Annotated photo localization data
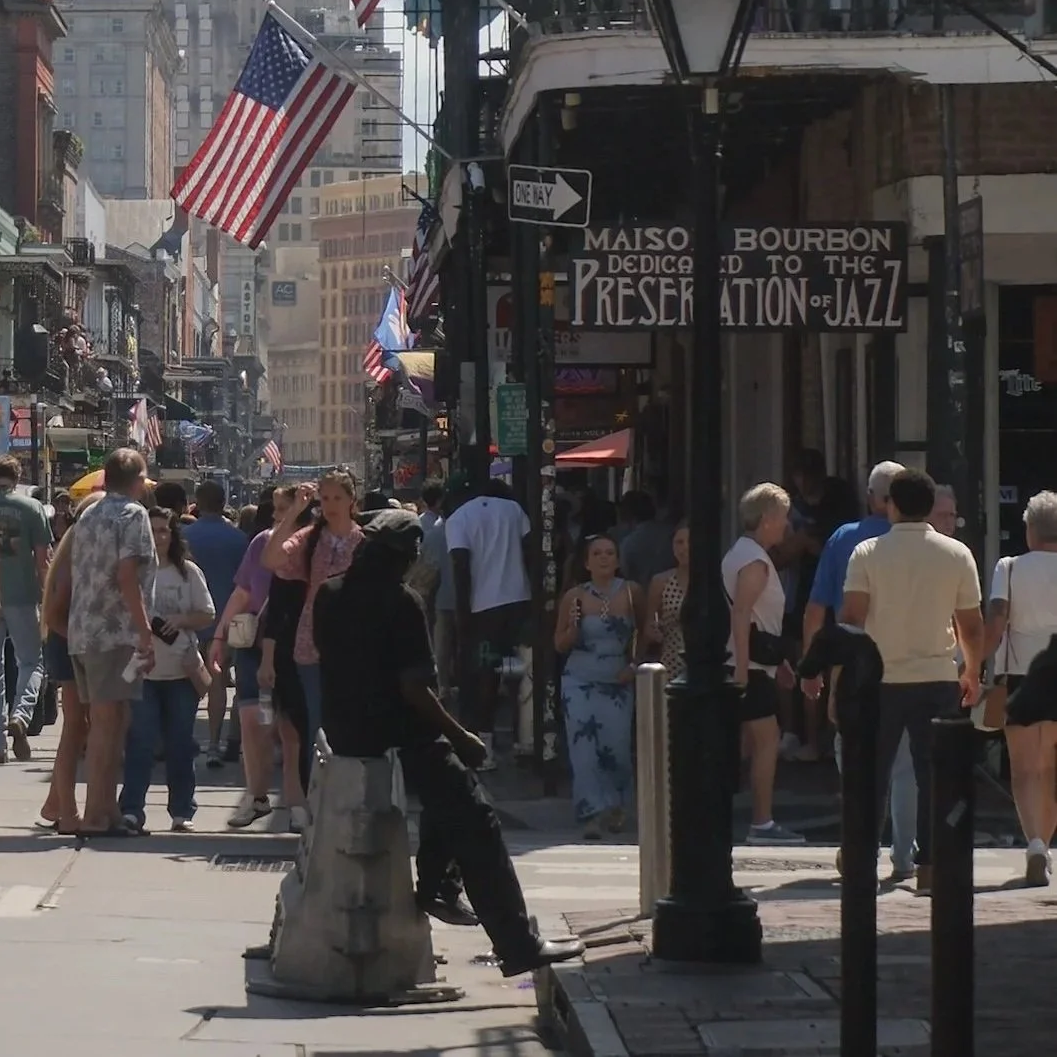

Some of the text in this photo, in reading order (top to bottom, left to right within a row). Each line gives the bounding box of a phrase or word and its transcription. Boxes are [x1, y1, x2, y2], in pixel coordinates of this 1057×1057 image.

[515, 182, 553, 206] ONE WAY
[583, 226, 891, 251] MAISO BOURBON
[607, 254, 876, 275] DEDICAD TO THE
[276, 284, 294, 295] AC
[571, 259, 903, 327] PRESERATION OF JAZZ
[243, 282, 251, 333] ASTOR
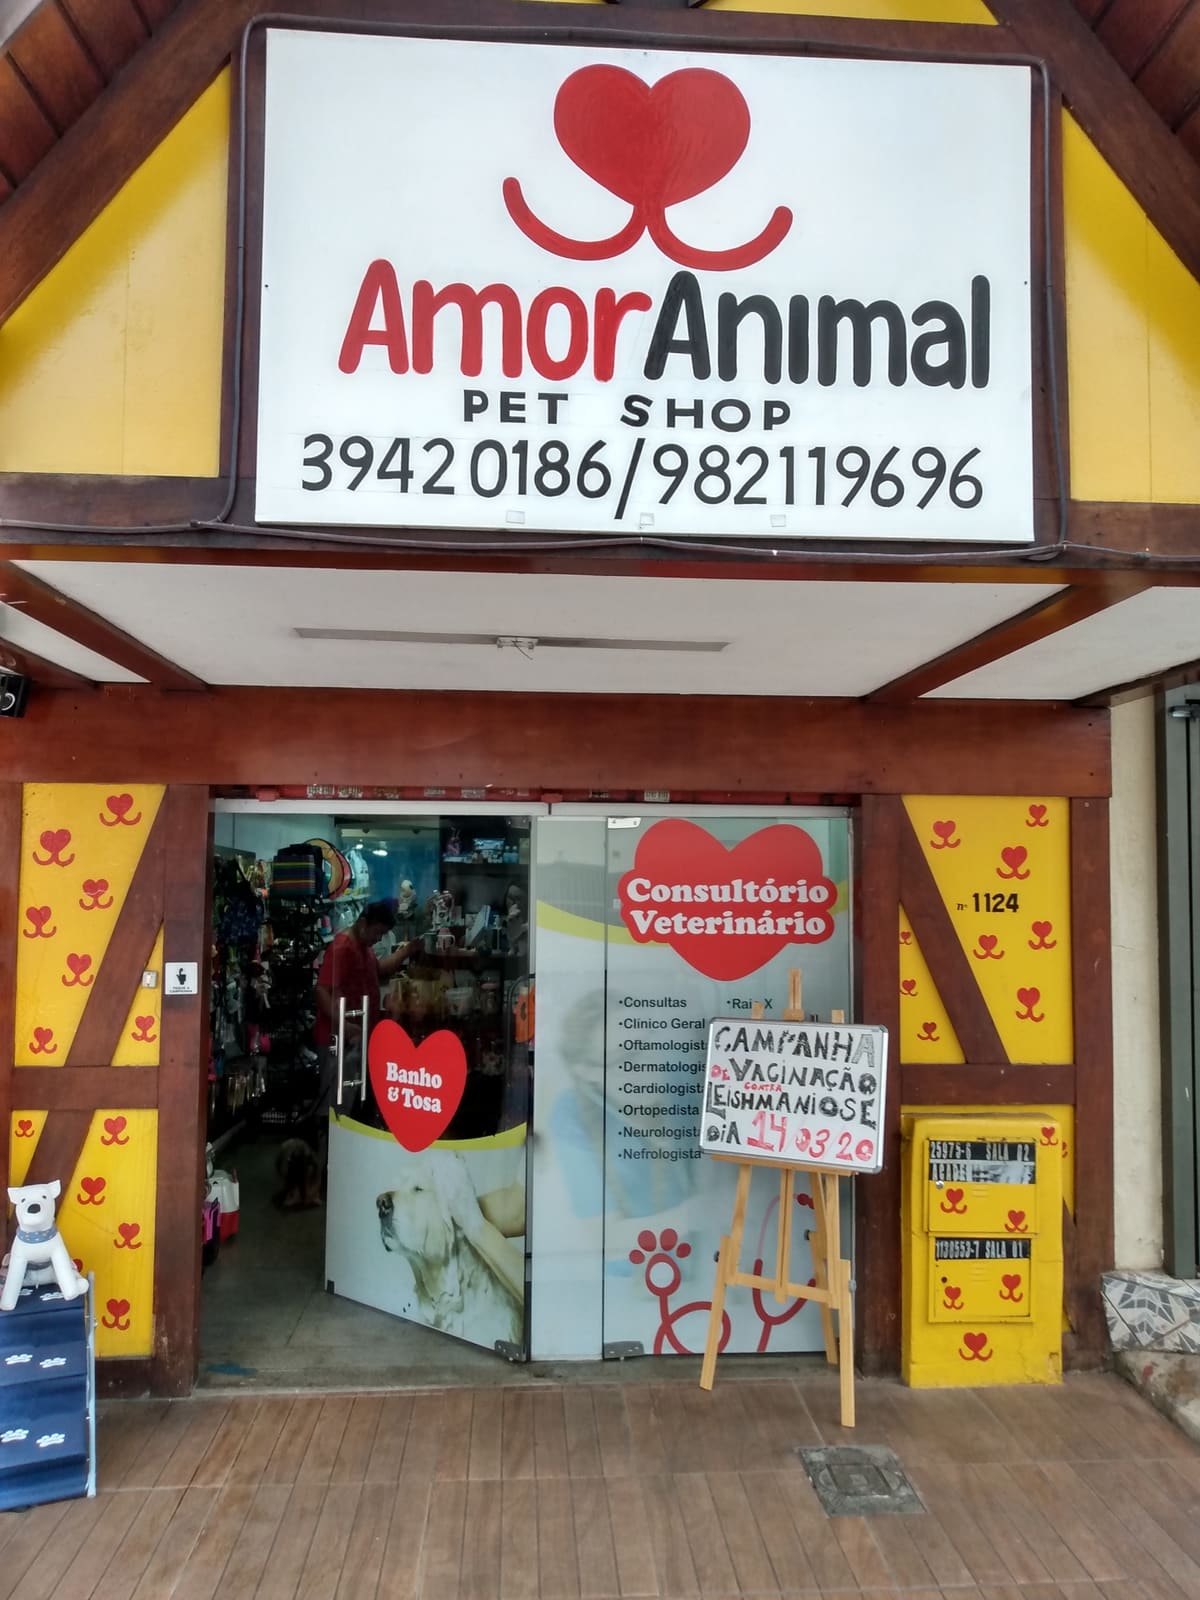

__Your task__
Could you return each entry word for word, with the images omitted?

__Task solution__
Some of the text in this photo, in reading order (top to bottom, left to right within a row). Each line gives the bounding box of a phrase or word and its transcription. Boxes are [x1, y1, x2, y2], in pixel coordinates of this 1057×1057 image.

[515, 182, 553, 206] ONE WAY
[583, 226, 891, 251] MAISO BOURBON
[607, 254, 876, 275] DEDICAD TO THE
[276, 284, 294, 295] AC
[571, 259, 903, 327] PRESERATION OF JAZZ
[243, 282, 251, 333] ASTOR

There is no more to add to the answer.